In einem Internat für schwer verhaltensauffällige Jugendliche wird der Heimleiter Wieland verletzt und bewusstlos in der Sauna aufgefunden – mehr Hummer als Mensch. Für den pragmatischen Kommissar Poltrone und seine Assistentin, die Blonde, ist der Fall schnell gelöst. Nur Dr.

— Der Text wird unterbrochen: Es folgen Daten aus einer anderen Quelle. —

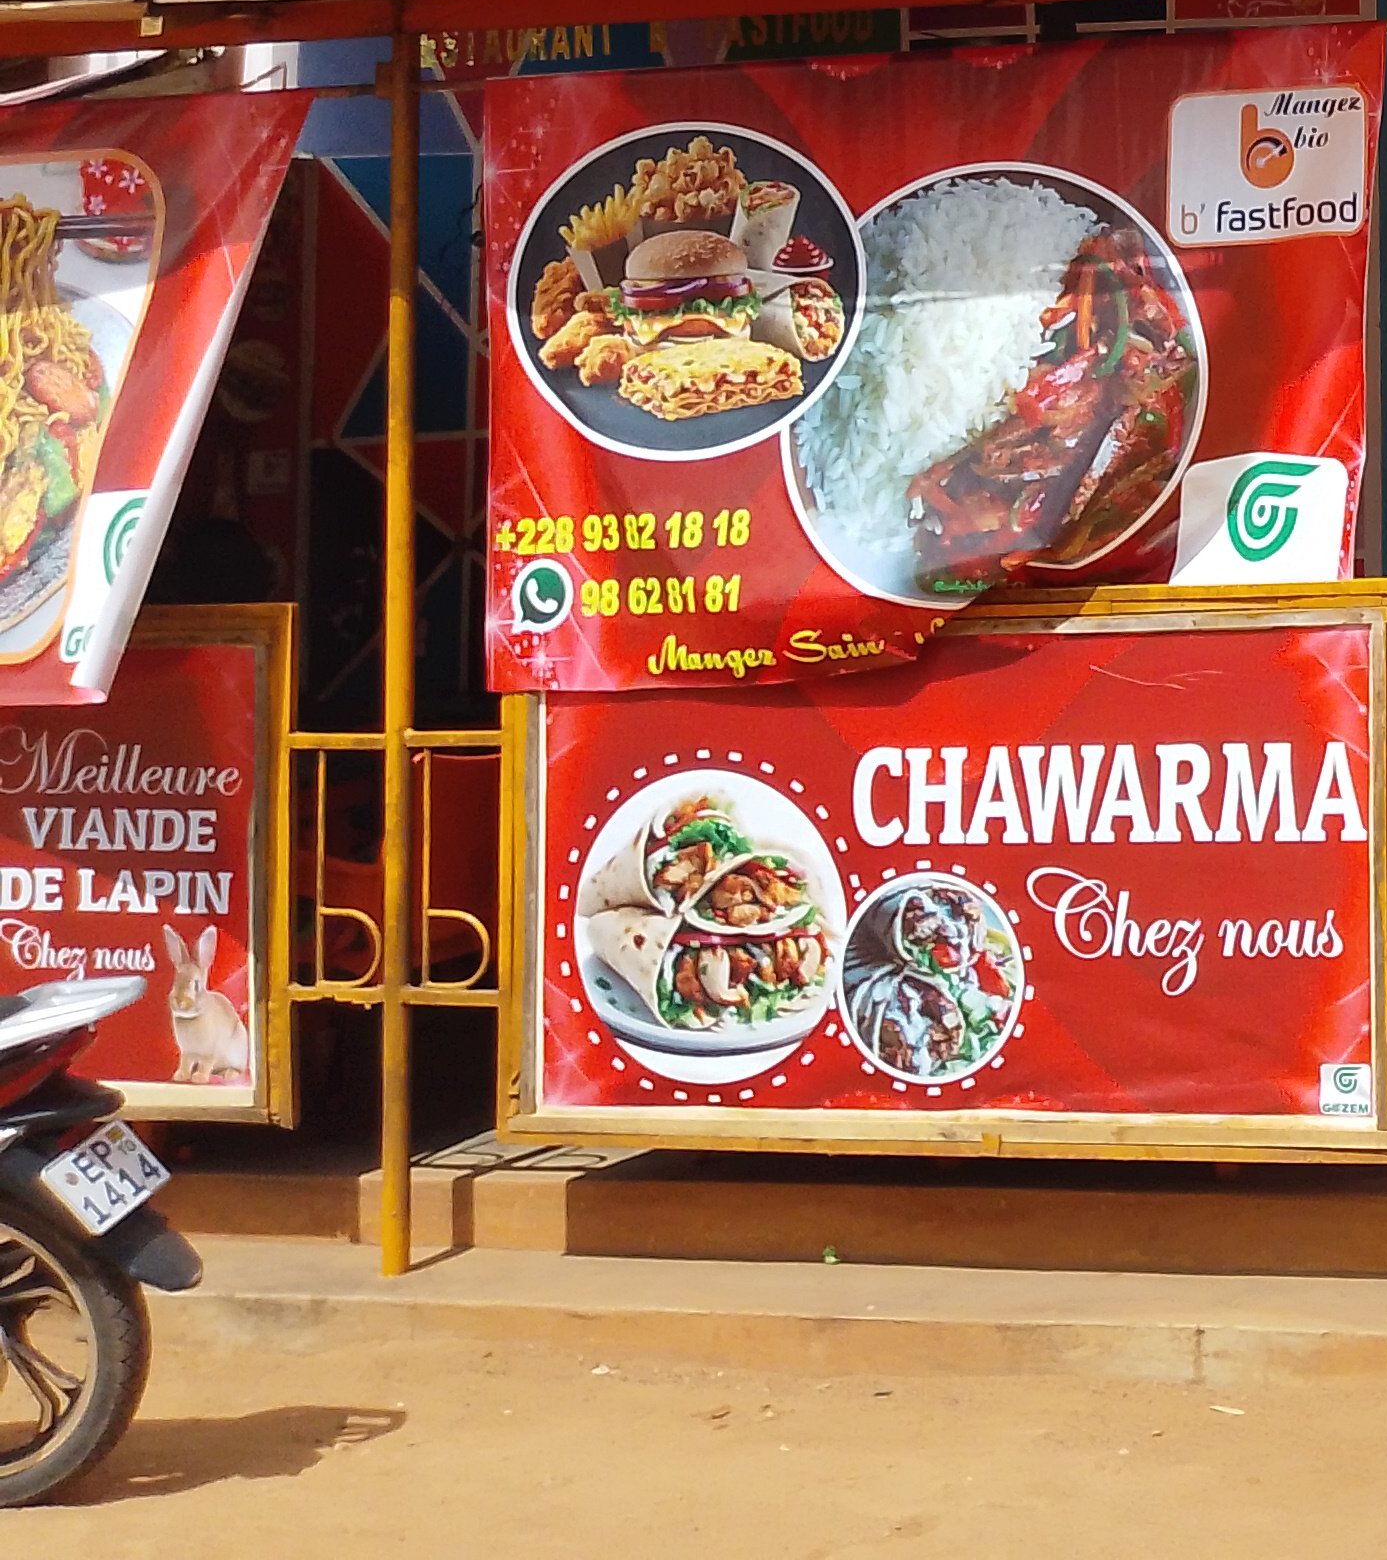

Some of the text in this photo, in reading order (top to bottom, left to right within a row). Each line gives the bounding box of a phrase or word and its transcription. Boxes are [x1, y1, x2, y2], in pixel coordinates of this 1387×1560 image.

[1263, 91, 1363, 119] Mangez
[1292, 125, 1329, 150] bio
[1216, 192, 1359, 233] fastfood
[495, 508, 752, 556] +228 93 82 18 18
[579, 573, 742, 616] 98 62 81 81
[0, 724, 244, 797] Meilleure
[851, 741, 1369, 848] CHAWARMA
[22, 806, 218, 853] VIANDE
[0, 866, 235, 915] DE LAPIN
[0, 917, 156, 981] Chez nous
[1025, 866, 1345, 997] Chez nous
[70, 1140, 114, 1184] EP
[82, 1152, 162, 1226] 1414
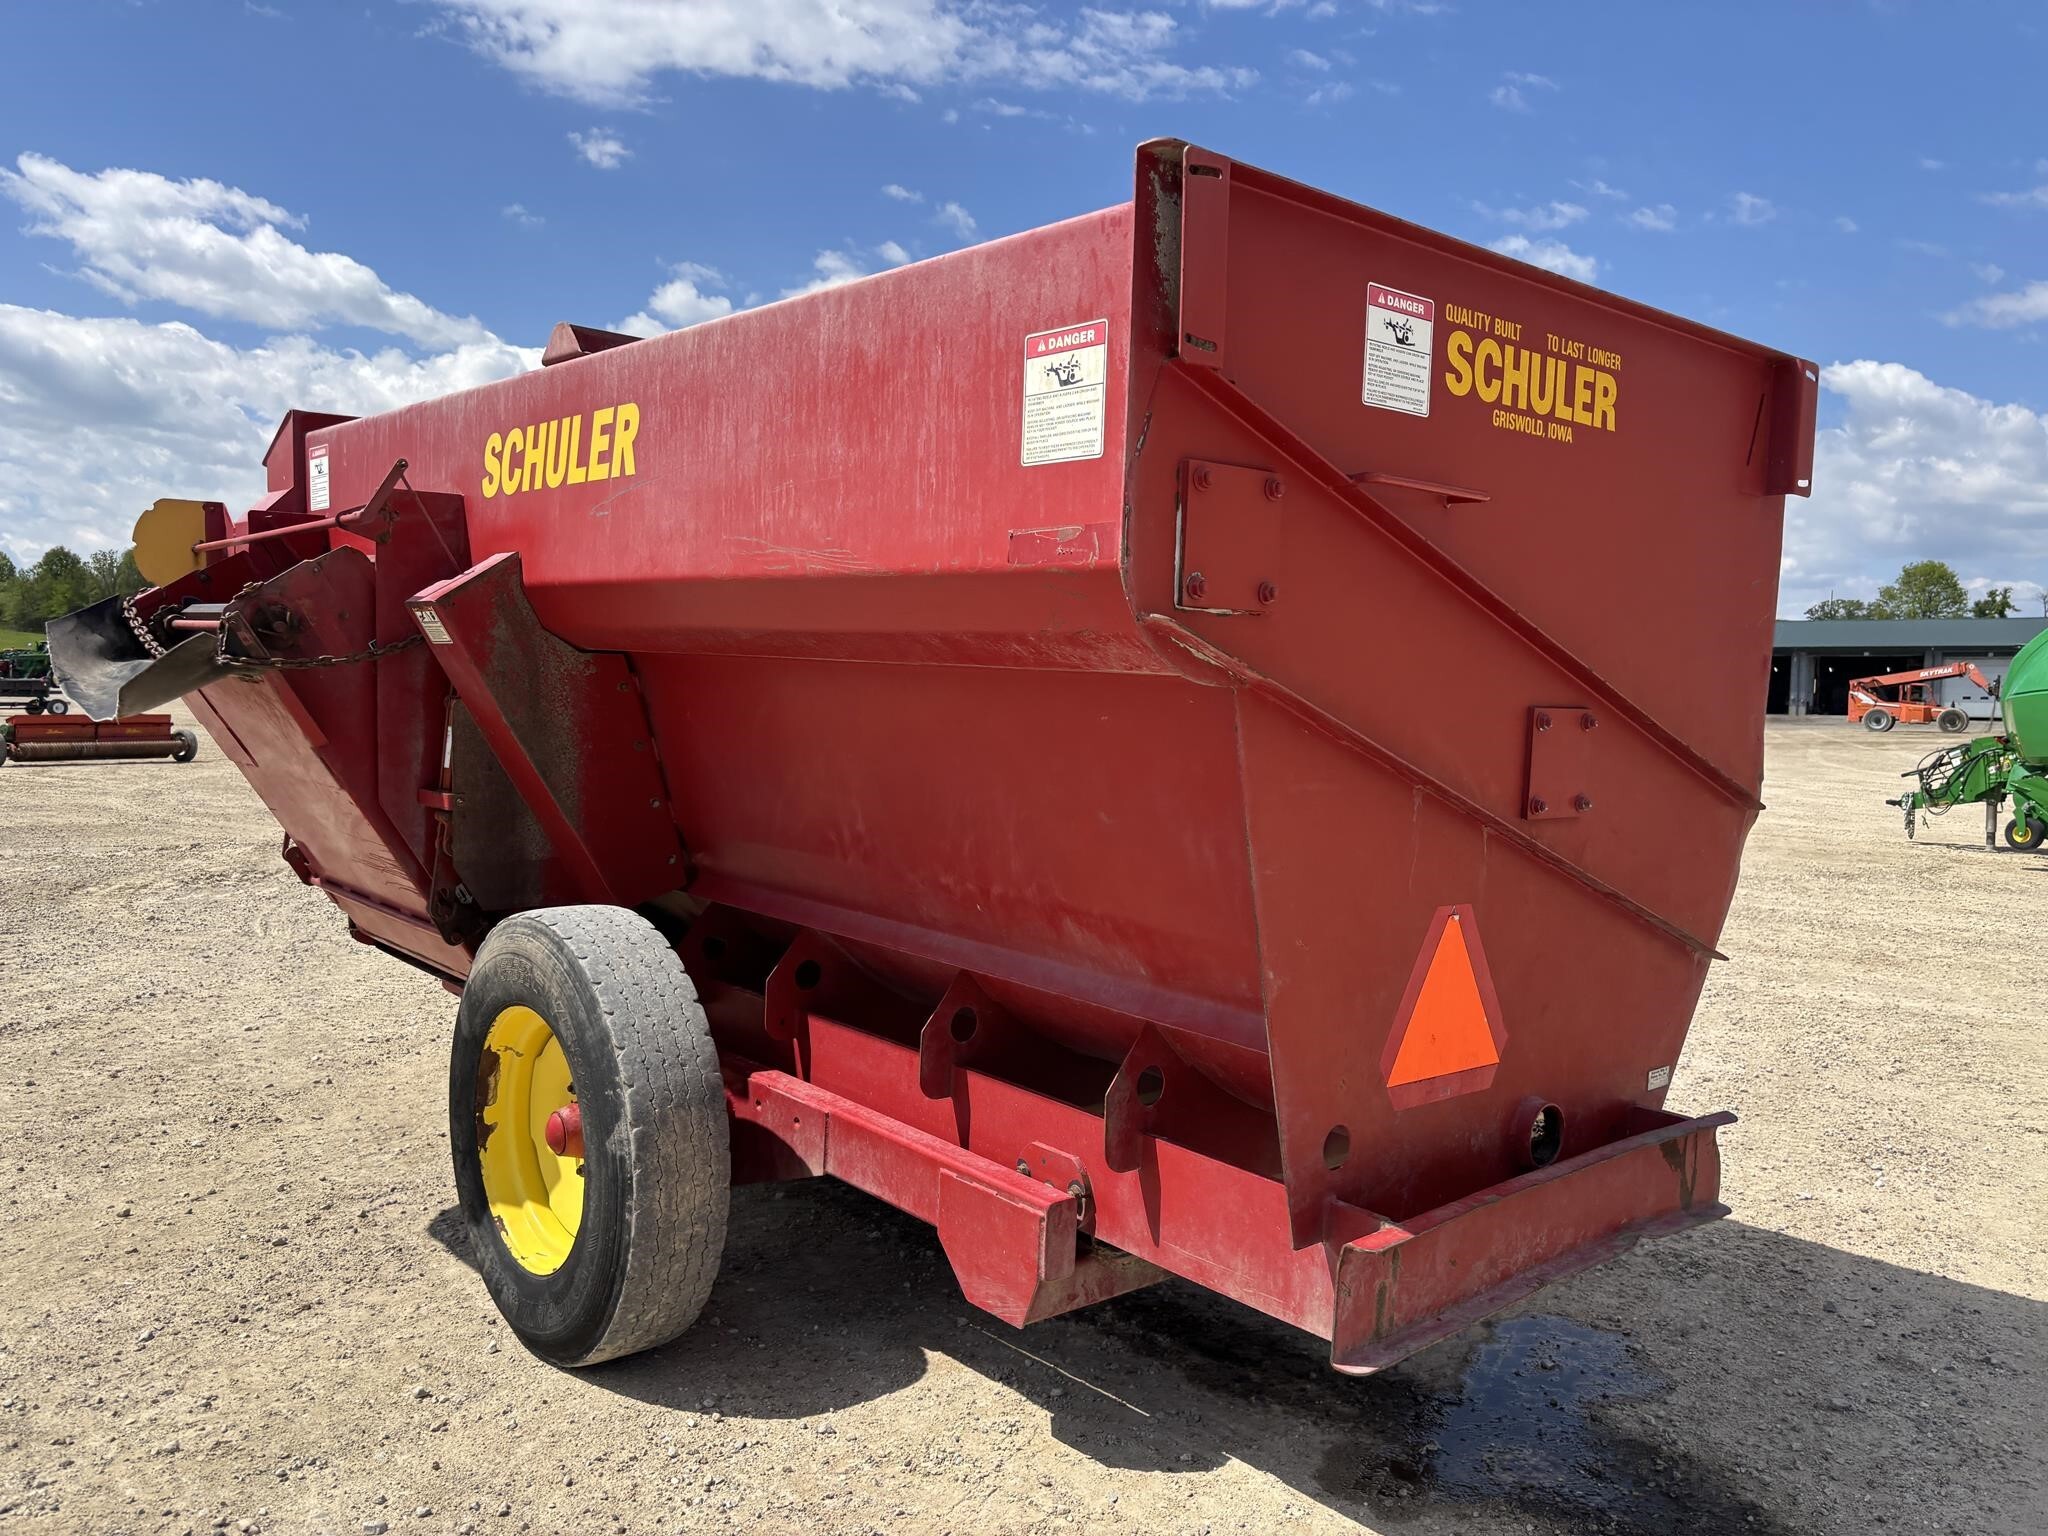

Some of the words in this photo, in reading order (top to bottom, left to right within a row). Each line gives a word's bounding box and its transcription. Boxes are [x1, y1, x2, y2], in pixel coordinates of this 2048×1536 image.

[1387, 295, 1425, 315] DANGER
[1048, 329, 1095, 350] DANGER
[1446, 304, 1491, 332] QUALITY
[1494, 317, 1522, 341] BUILT
[1547, 333, 1559, 352] TO
[1561, 336, 1585, 360] LAST
[1587, 345, 1622, 371] LONGER
[1445, 330, 1618, 432] SCHULER
[1492, 409, 1546, 439] GRISWOLD,
[1548, 422, 1573, 444] IOWA
[482, 402, 640, 499] SCHULER
[1919, 667, 1953, 678] SKYTRAK
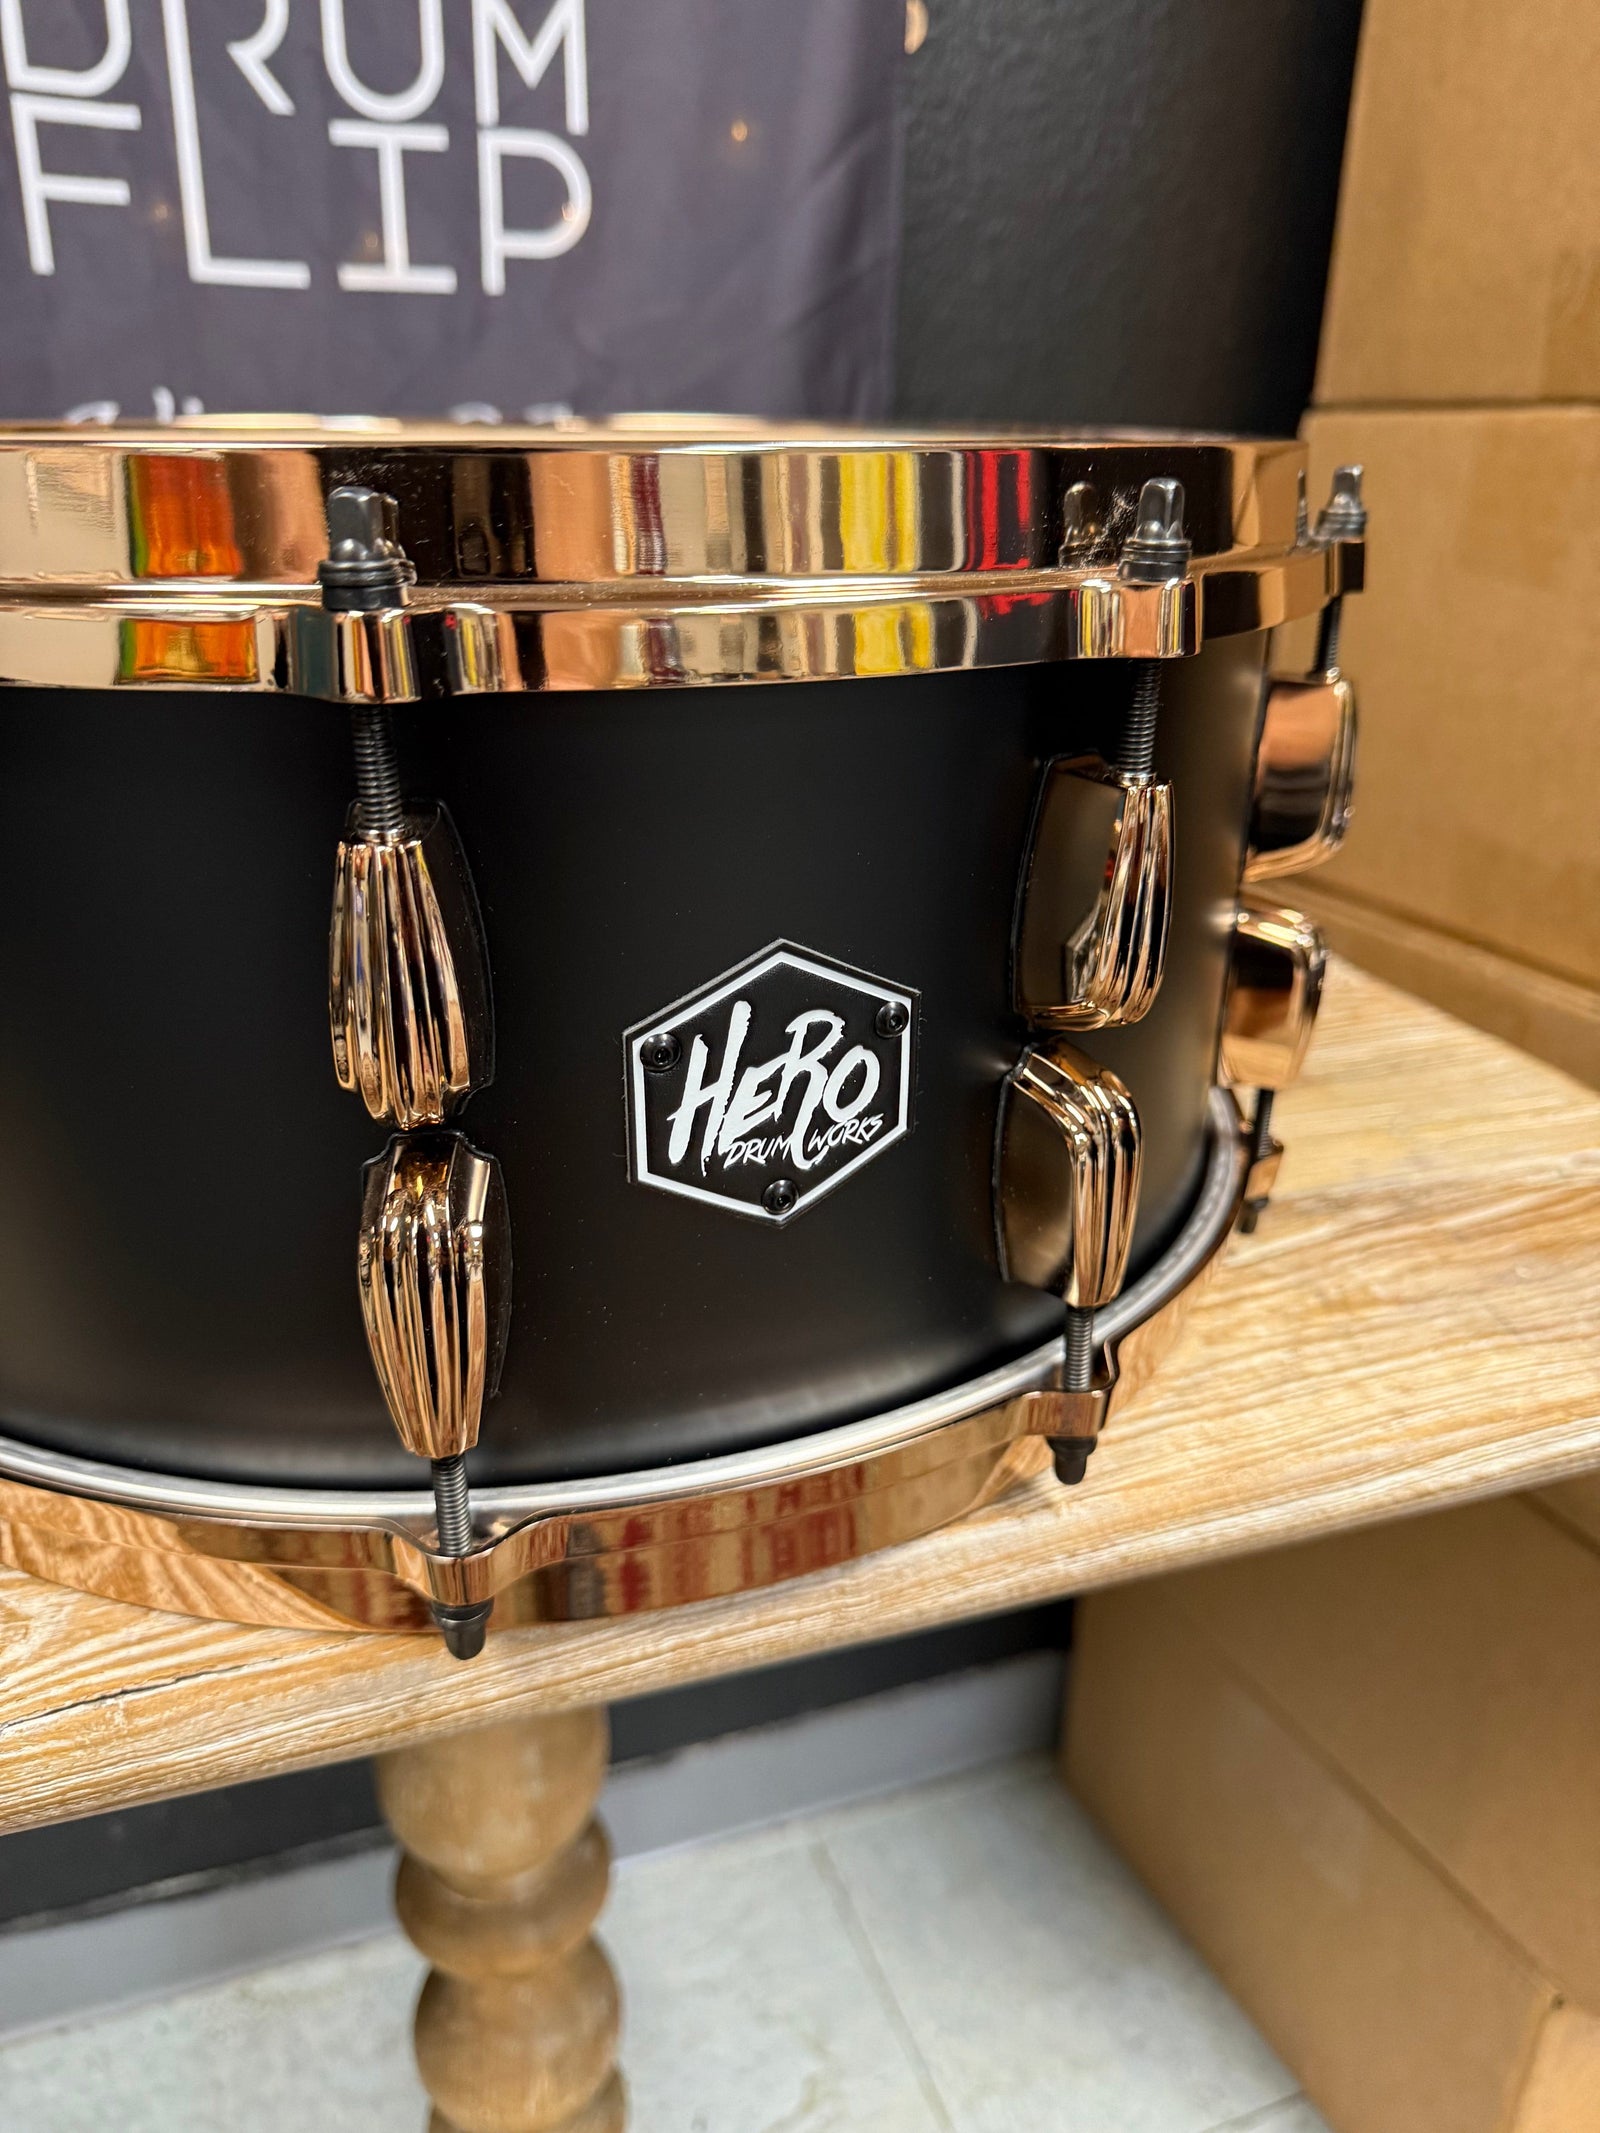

Paul Hepp, der Psychiater im Heim, mag nicht glauben, dass einer seiner Jugendlichen etwas damit zu tun hat, auch wenn die natürlich schon ziemlich schräg daherkommen; die Yasmin, die sich halbe Andreasgräben in den Unterarm schnitzt, die Jelena, die seit Jahren mit niemandem mehr redet, der Noel mit seinen komischen Fahrplanheften, der Phil, der immer schläft. Bald wird deutlich: Ohne etwas von Jugendpsychiatrie zu verstehen, wird man kaum klären können, was wirklich passiert ist und wer hier eigentlich das »Vollopfer« ist.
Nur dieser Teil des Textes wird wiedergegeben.